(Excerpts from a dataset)
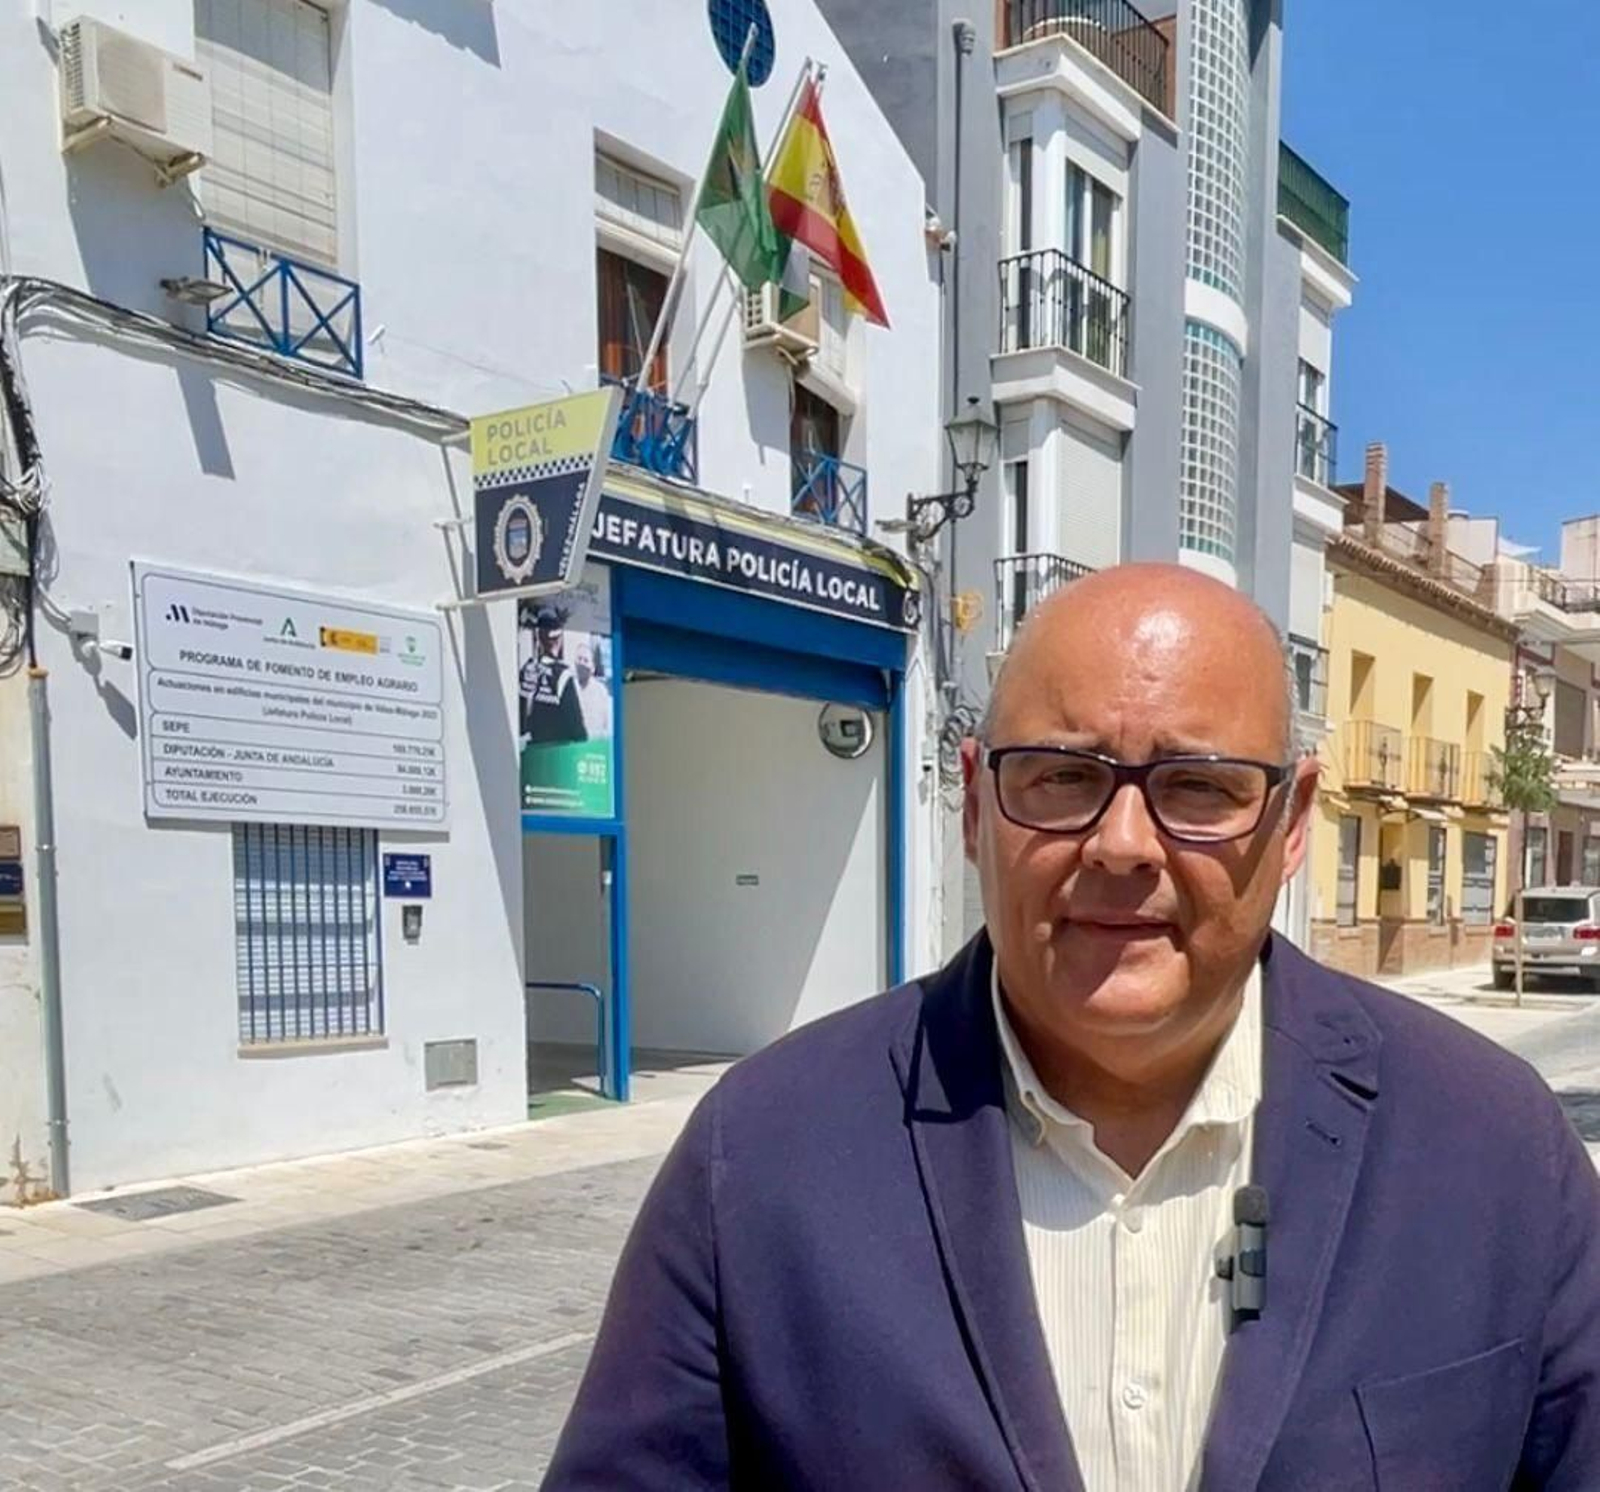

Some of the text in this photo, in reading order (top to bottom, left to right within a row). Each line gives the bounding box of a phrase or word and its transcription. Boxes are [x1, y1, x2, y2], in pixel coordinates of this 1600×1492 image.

[486, 408, 567, 442] POLICÍA
[487, 438, 553, 466] LOCAL
[591, 512, 881, 611] JEFATURA POLICÍA LOCAL
[180, 650, 418, 692] PROGRAMA DE FOMENTO DE EMPLEO AGRARIO
[157, 677, 212, 693] Actuaciones
[163, 721, 190, 734] SEPE
[163, 742, 225, 759] DIPUTACIÓN
[234, 748, 265, 761] JUNTA
[266, 752, 279, 762] DE
[282, 753, 334, 768] ANDALUCÍA
[165, 766, 243, 782] AYUNTAMIENTO
[166, 788, 257, 805] TOTAL EJECUCIÓN

YOUR INSTRUCTIONS => Pictures are to be left out; the records above must be repeated word for word.

YOUR RESPONSE =>
Some of the text in this photo, in reading order (top to bottom, left to right within a row). Each line gives the bounding box of a phrase or word and its transcription. Boxes are [x1, y1, x2, y2], in pixel coordinates of this 1600×1492 image.

[486, 408, 567, 442] POLICÍA
[487, 438, 553, 466] LOCAL
[591, 512, 881, 611] JEFATURA POLICÍA LOCAL
[180, 650, 418, 692] PROGRAMA DE FOMENTO DE EMPLEO AGRARIO
[157, 677, 212, 693] Actuaciones
[163, 721, 190, 734] SEPE
[163, 742, 225, 759] DIPUTACIÓN
[234, 748, 265, 761] JUNTA
[266, 752, 279, 762] DE
[282, 753, 334, 768] ANDALUCÍA
[165, 766, 243, 782] AYUNTAMIENTO
[166, 788, 257, 805] TOTAL EJECUCIÓN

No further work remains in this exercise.